> _Dataset entries_
....
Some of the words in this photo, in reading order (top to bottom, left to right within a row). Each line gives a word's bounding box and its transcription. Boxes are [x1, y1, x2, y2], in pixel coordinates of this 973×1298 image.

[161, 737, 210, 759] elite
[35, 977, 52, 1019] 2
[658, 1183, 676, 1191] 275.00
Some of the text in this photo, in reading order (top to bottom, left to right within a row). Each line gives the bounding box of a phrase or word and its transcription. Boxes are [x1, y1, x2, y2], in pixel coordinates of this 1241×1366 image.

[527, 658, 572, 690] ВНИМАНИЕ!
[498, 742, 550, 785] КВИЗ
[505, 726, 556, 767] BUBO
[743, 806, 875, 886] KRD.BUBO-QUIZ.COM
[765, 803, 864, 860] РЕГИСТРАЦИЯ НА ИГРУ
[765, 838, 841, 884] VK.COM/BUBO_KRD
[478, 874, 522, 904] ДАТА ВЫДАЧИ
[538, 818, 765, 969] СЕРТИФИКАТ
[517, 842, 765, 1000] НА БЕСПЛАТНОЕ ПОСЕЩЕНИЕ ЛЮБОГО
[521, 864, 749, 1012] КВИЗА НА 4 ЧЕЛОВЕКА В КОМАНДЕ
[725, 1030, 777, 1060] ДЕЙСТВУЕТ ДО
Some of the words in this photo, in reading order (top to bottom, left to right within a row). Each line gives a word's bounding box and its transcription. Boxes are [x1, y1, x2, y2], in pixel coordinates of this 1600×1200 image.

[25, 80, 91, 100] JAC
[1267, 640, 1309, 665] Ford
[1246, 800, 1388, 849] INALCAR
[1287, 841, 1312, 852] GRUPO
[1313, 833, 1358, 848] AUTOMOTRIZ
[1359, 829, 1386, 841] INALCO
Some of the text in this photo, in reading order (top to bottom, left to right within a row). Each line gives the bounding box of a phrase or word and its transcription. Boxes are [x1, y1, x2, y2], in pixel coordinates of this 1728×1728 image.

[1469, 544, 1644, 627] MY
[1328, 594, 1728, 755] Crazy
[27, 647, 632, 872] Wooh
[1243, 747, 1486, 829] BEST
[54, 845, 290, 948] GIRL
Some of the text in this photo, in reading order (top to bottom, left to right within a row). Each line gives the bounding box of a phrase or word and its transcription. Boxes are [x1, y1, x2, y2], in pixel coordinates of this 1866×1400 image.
....
> _WHAT THIS TASK INVOLVES_
In your answer, repeat each of the records exactly.

> _SOLUTION TO THE EXERCISE_
Some of the words in this photo, in reading order (top to bottom, left to right within a row). Each line gives a word's bounding box and its transcription. Boxes are [x1, y1, x2, y2], in pixel coordinates of this 973×1298 image.

[161, 737, 210, 759] elite
[35, 977, 52, 1019] 2
[658, 1183, 676, 1191] 275.00
Some of the text in this photo, in reading order (top to bottom, left to right within a row). Each line gives the bounding box of a phrase or word and its transcription. Boxes are [x1, y1, x2, y2], in pixel coordinates of this 1241×1366 image.

[527, 658, 572, 690] ВНИМАНИЕ!
[498, 742, 550, 785] КВИЗ
[505, 726, 556, 767] BUBO
[743, 806, 875, 886] KRD.BUBO-QUIZ.COM
[765, 803, 864, 860] РЕГИСТРАЦИЯ НА ИГРУ
[765, 838, 841, 884] VK.COM/BUBO_KRD
[478, 874, 522, 904] ДАТА ВЫДАЧИ
[538, 818, 765, 969] СЕРТИФИКАТ
[517, 842, 765, 1000] НА БЕСПЛАТНОЕ ПОСЕЩЕНИЕ ЛЮБОГО
[521, 864, 749, 1012] КВИЗА НА 4 ЧЕЛОВЕКА В КОМАНДЕ
[725, 1030, 777, 1060] ДЕЙСТВУЕТ ДО
Some of the words in this photo, in reading order (top to bottom, left to right within a row). Each line gives a word's bounding box and its transcription. Boxes are [x1, y1, x2, y2], in pixel coordinates of this 1600×1200 image.

[25, 80, 91, 100] JAC
[1267, 640, 1309, 665] Ford
[1246, 800, 1388, 849] INALCAR
[1287, 841, 1312, 852] GRUPO
[1313, 833, 1358, 848] AUTOMOTRIZ
[1359, 829, 1386, 841] INALCO
Some of the text in this photo, in reading order (top to bottom, left to right within a row). Each line gives the bounding box of a phrase or word and its transcription. Boxes are [x1, y1, x2, y2], in pixel coordinates of this 1728×1728 image.

[1469, 544, 1644, 627] MY
[1328, 594, 1728, 755] Crazy
[27, 647, 632, 872] Wooh
[1243, 747, 1486, 829] BEST
[54, 845, 290, 948] GIRL
Some of the text in this photo, in reading order (top to bottom, left to right within a row). Each line gives the bounding box of a phrase or word and its transcription. Boxes are [x1, y1, x2, y2], in pixel coordinates of this 1866×1400 image.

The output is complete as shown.